Conclusions: There is growing interest in mtDNA as a predictor of mortality in critically ill patients. Most studies are small, lack validation cohorts, and utilize different protocols to measure mtDNA. When reported, AUROC analysis usually suggests a statistically significant association between mtDNA and mortality. Standardization of mtDNA protocols and the completion of a large, prospective, multicenter trial may be warranted to firmly establish the clinical usefulness of mtDNA.
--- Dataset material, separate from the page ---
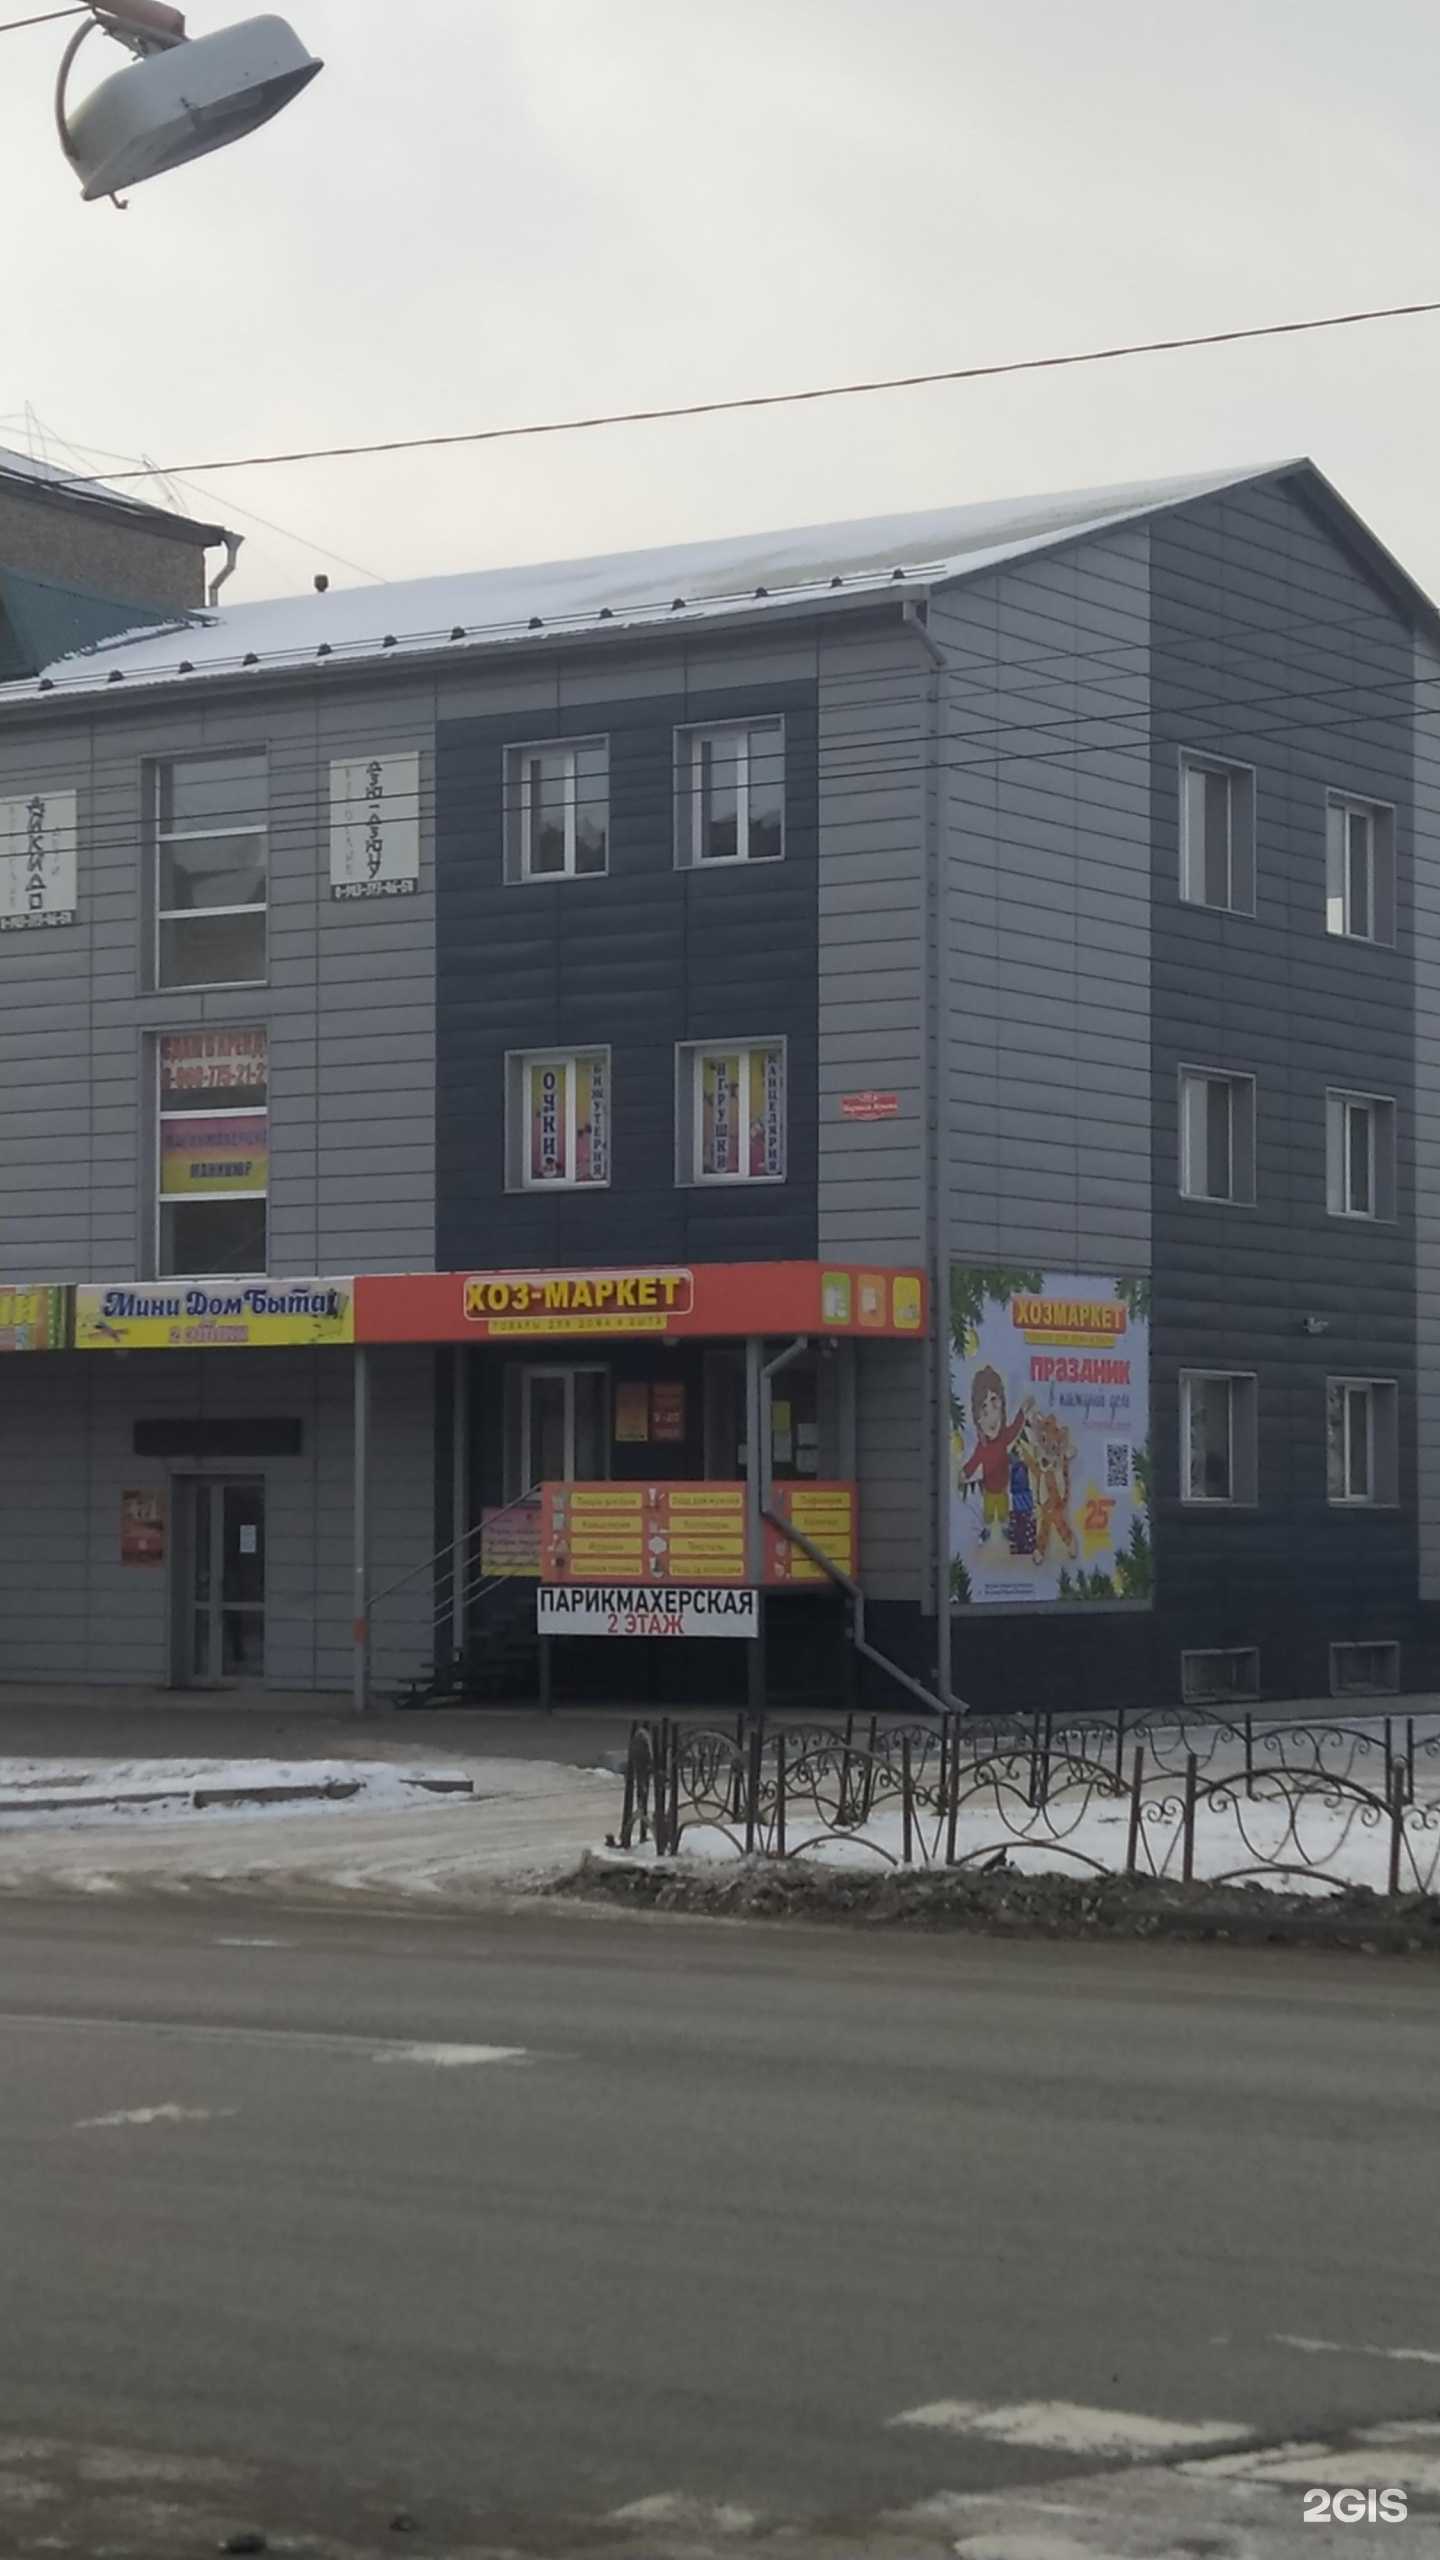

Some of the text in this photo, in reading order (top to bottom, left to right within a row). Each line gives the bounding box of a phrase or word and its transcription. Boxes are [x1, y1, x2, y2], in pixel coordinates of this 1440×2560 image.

Keywords: biomarkers; circulating cell-free DNA; critical illness; mitochondrial DNA; mortality.

Figure 1

Production and release of extracellular mitochondrial DNA. Pathogen-associated molecular patterns (PAMPs) and damage-associated molecular patterns (DAMPs) are released in the setting of infection or cellular injury, respectively. Both PAMPs and DAMPs can stimulate pattern recognition receptors, leading to increased production of mitochondrial reactive oxygen species. This causes fragmentation of the mitochondrial genome and decreased mitochondrial membrane transition permeability, allowing mitochondrial DNA (mtDNA) to enter the cytosol. mtDNA is a potent DAMP; it can stimulate inflammasomes or the Toll-like receptor 9 (TLR-9)/nuclear factor-κB pathway, leading to the production of proinflammatory cytokines (IL-1β, IL-18, tumor necrosis factor-α, IL-6). Cytosolic mtDNA can also enter the extracellular environment via necroptosis, NETosis, or platelet activation, where it can propagate the initial inflammatory response through further recognition as a DAMP by immune and nonimmune cells expressing TLR-9. RBCs have been shown to scavenge extracellular mtDNA through binding to TLR-9. MTP = membrane transition permeability; NF-κB = nuclear factor-κB; NETosis = formation of neutrophil extracellular traps (NETs); TNF-α = tumor necrosis factor-α.

Figure 2

Flow diagram illustrating study selection process. CINAHL = Cumulative Index to Nursing and Allied Health Literature.

Figure 3

Forest plot illustrating the area under the receiver operating characteristic curve with CIs for mtDNA and all-cause mortality in critically ill patients. The data presented here were either readily available within the articles or made available by the authors on request. The studies are organized according to discipline, with medicine patients near the top and surgery patients near the bottom of the plot. The size of each square denotes the proportional size of each cohort. *Data derived from the Brigham and Women’s Hospital cohort. †Data derived from the sepsis subgroup. ‡Data collected from use of NADH as a primer. §Data derived from the trauma subgroup.